• Welfare, Regulatory Reform On Agenda For Debt-Ridden Puerto Rico

    Puerto Rico is “face to face with a harsh reality,” Gov. Alejandro Garcia Padilla said Monday in a speech proposing major pro-growth economic reforms to revive the island’s ailing economy.

    “Our public debt, considering the current level of economic activity, is unpayable,” Garcia Padilla told citizens, citing a special report released Monday by outside economists concluding that Puerto Rico would be mired in perpetual recession unless the government takes drastic steps to encourage private sector productivity and restructure its unsustainable debt. (RELATED: Puerto Rico’s MASSIVE Debt is ‘Unprecedented Test of US Bond Market)

    The report, written by former World Bank Chief Economist and former Deputy Director of the International Monetary Fund Dr. Anne Krueger with economists Dr. Ranjit Teja and Dr. Andrew Wolfe, recommends eliminating the deficit through targeted spending cuts, as well as instituting pro-market reforms such as cutting business regulation and freezing the minimum wage.

    Puerto Rico currently has about $72 billion in public debt, equivalent to 70 percent of its economic output and higher than any U.S. state on a per capita basis. In contrast, the average state has a debt-to-GDP ratio of only about 10 percent, and the only states with higher absolute debt loads are New York and California, both of which have much larger populations than Puerto Rico.

    Garcia Padilla denied responsibility for the territory’s predicament, noting that he “inherited a debt of approximately $70 billion and it remains nearly the same,” but also conceded that the measures his administration has implemented “have shown to be insufficient in the face of the scope and persistence of the fiscal and economic crisis we inherited.”

    Saying that “we must all assume our responsibility,” the governor went on to call for a three-part approach to resolving the crisis, consisting of a battery of pro-growth economic reforms and negotiating with creditors to restructure existing debt on more favorable terms. (RELATED: Congress Could Make US Retirees Shoulder Puerto Rico’s Debt)

    “The first, and most important, step will be to reestablish economic growth,” Garcia Padilla said. “To once again generate prosperity, I will promote local legislation that will make our laws more competitive and align them to the reality of today so they will promote job creation with a major expansion of the private sector.”

    Garcia Padilla tentatively endorsed most of the proposals outlined in the Krueger report, with the exception of changes to the minimum wage and cuts to education spending, which he categorically rejected.

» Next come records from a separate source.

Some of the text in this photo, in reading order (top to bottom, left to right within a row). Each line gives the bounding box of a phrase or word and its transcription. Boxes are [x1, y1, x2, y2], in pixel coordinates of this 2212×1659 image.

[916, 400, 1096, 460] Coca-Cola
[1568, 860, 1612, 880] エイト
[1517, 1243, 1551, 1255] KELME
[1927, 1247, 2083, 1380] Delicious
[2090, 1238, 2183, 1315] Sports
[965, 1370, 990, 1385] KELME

    Other proposals, which he says “merit serious consideration,” include welfare reform designed to make work “more lucrative than simply receiving public assistance” and encouraging private sector investment by eliminating restrictions that make it difficult for business to register property, pay taxes, and obtain construction permits.

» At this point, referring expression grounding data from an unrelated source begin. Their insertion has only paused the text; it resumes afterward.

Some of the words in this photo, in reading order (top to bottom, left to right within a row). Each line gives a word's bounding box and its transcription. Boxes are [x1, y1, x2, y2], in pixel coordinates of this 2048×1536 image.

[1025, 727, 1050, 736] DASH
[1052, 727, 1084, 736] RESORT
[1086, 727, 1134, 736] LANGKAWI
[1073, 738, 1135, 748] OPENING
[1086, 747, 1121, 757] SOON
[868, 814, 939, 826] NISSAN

    The second pillar of the governor’s plan involves “a negotiated agreement with bondholders for a postponement of payments on the debt for a number of years so that the money can be invested here in Puerto Rico.” (RELATED: Republicans Abandoning Principles in Bailout for Puerto Rico)

    While acknowledging that this would require sacrifice on the part of Puerto Rico’s creditors, Garcia Padilla argues that the restructuring would create the necessary leeway for the coming reforms to revive economic growth, enabling the territory to honor its debts over the long-term.

    The final element of Garcia Padilla’s plan calls for the creation of a Working Group for the Economic Recovery charged with “preparing, in coordination with the legislative branch, a long term fiscal agenda.”

    The group would also be responsible for identifying additional spending cuts to stave off tax increases, improving the efficiency of tax collection, and promoting public-private partnerships for things like infrastructure projects.